Your assignment:
Would you return every entry below exactly as written, without its images?

[Start of Attachment]

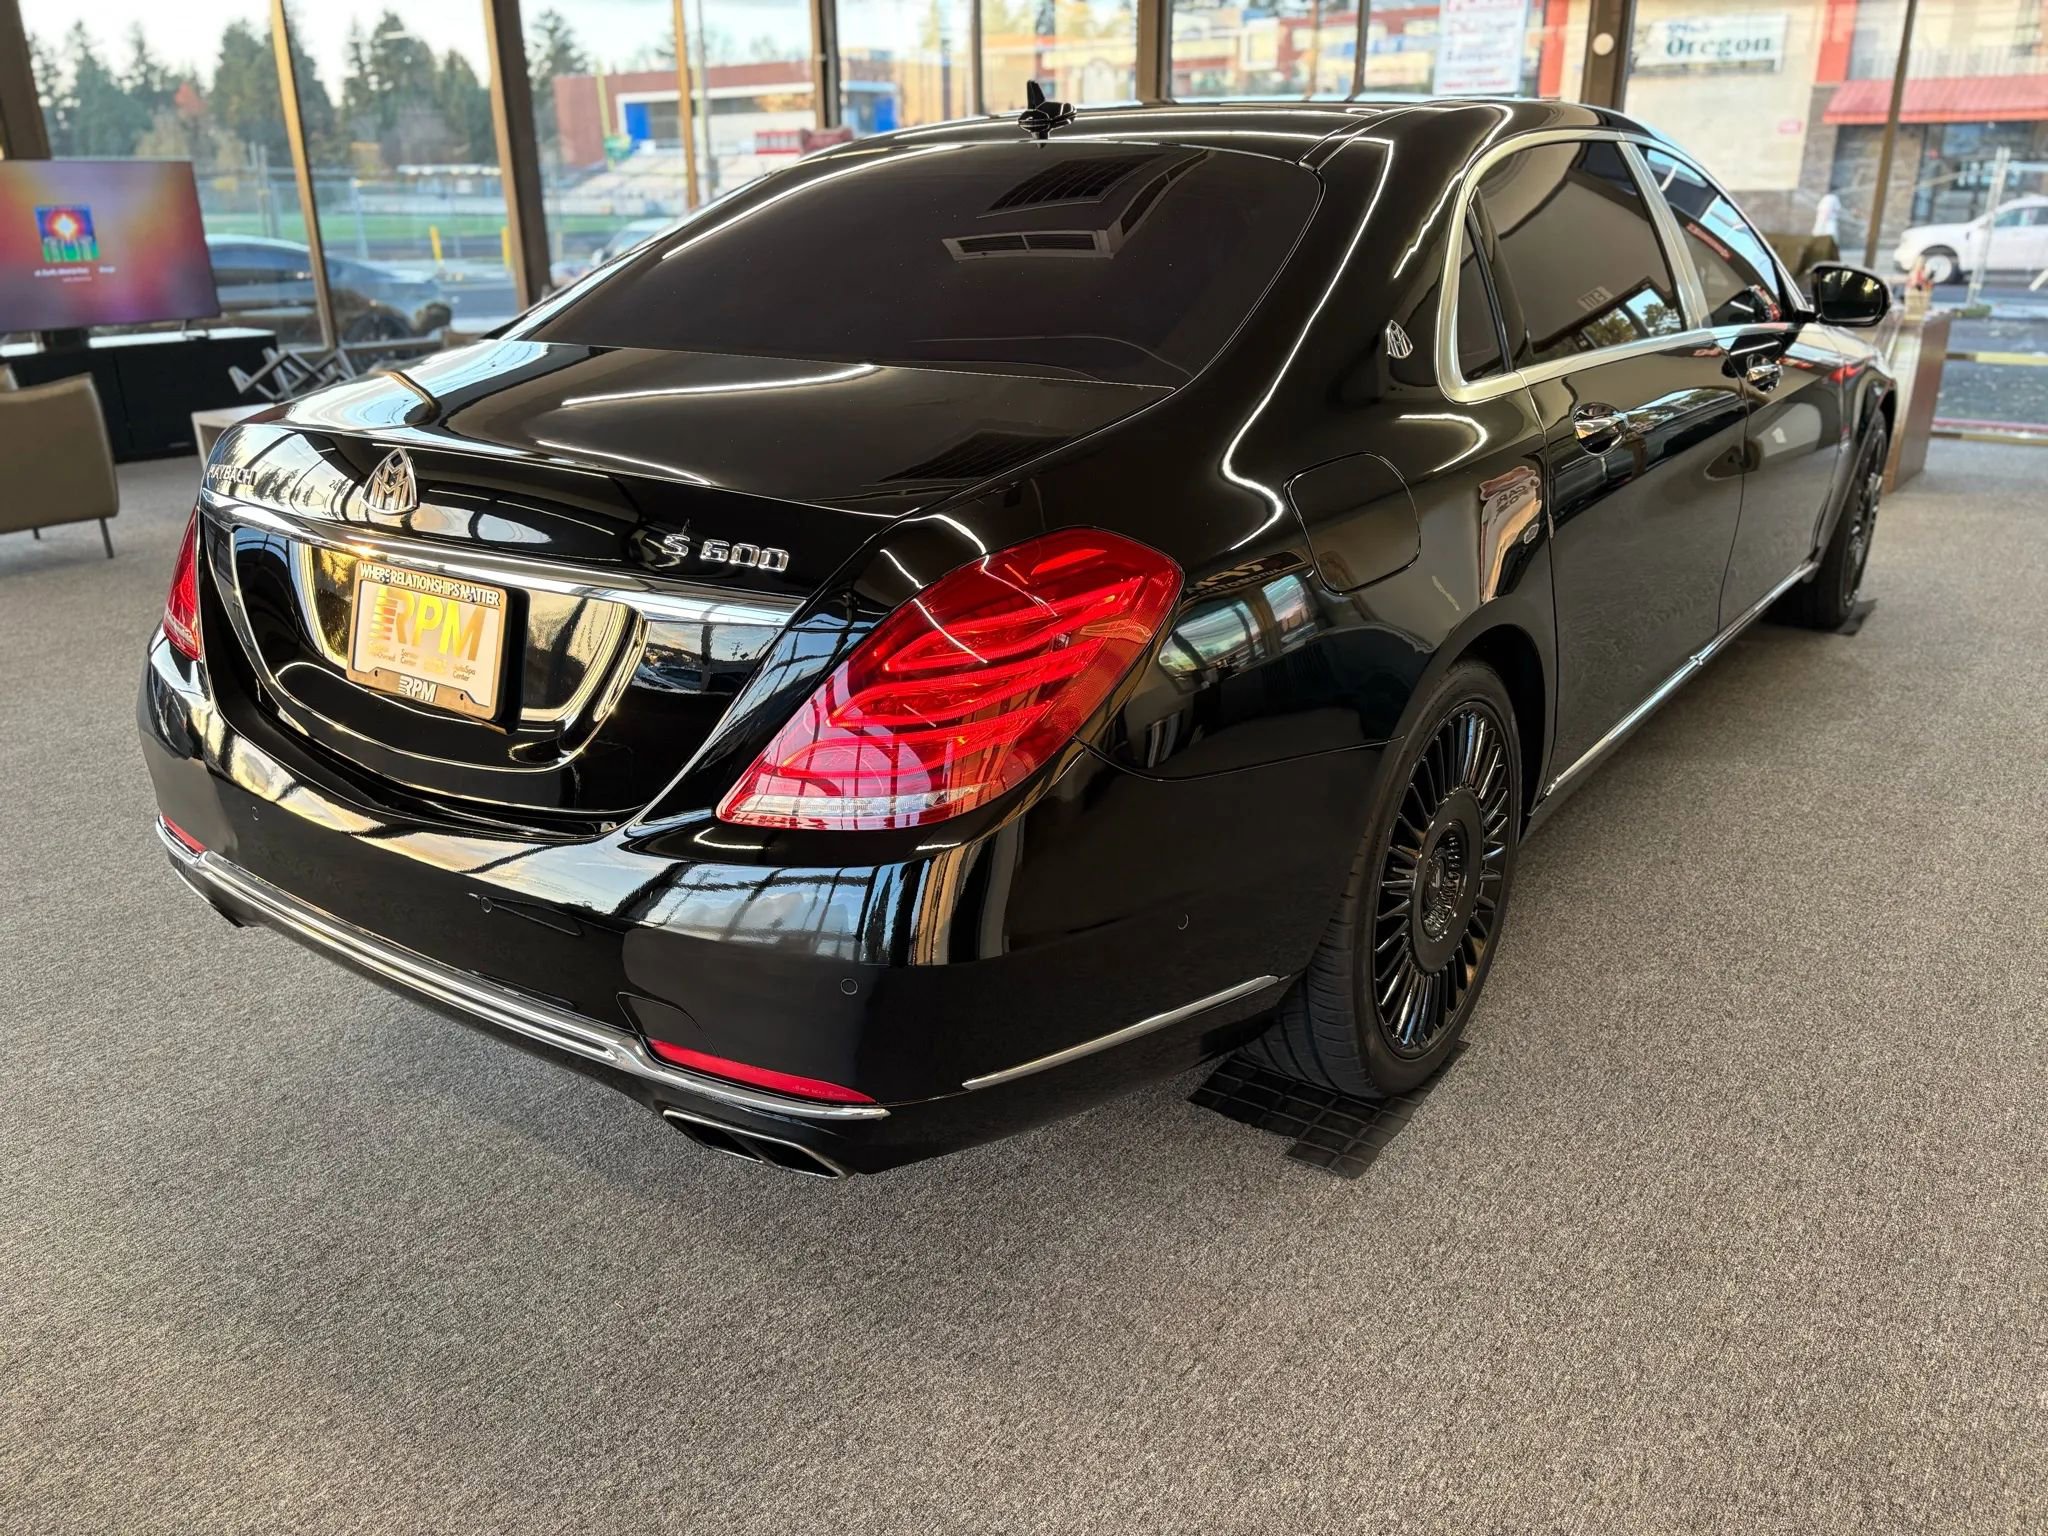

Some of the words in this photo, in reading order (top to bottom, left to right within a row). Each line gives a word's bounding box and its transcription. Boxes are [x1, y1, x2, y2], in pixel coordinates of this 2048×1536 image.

[1666, 37, 1772, 57] Oregon
[207, 464, 258, 486] MAYBACH
[662, 533, 690, 557] S
[699, 538, 789, 572] 600
[360, 563, 391, 584] WHERE
[390, 570, 460, 597] RELATIONSHIPS
[460, 584, 500, 606] MATTER
[368, 586, 488, 661] RPM
[398, 675, 438, 703] RPM

[End of Attachment]

Finished task:
Some of the words in this photo, in reading order (top to bottom, left to right within a row). Each line gives a word's bounding box and its transcription. Boxes are [x1, y1, x2, y2], in pixel coordinates of this 2048×1536 image.

[1666, 37, 1772, 57] Oregon
[207, 464, 258, 486] MAYBACH
[662, 533, 690, 557] S
[699, 538, 789, 572] 600
[360, 563, 391, 584] WHERE
[390, 570, 460, 597] RELATIONSHIPS
[460, 584, 500, 606] MATTER
[368, 586, 488, 661] RPM
[398, 675, 438, 703] RPM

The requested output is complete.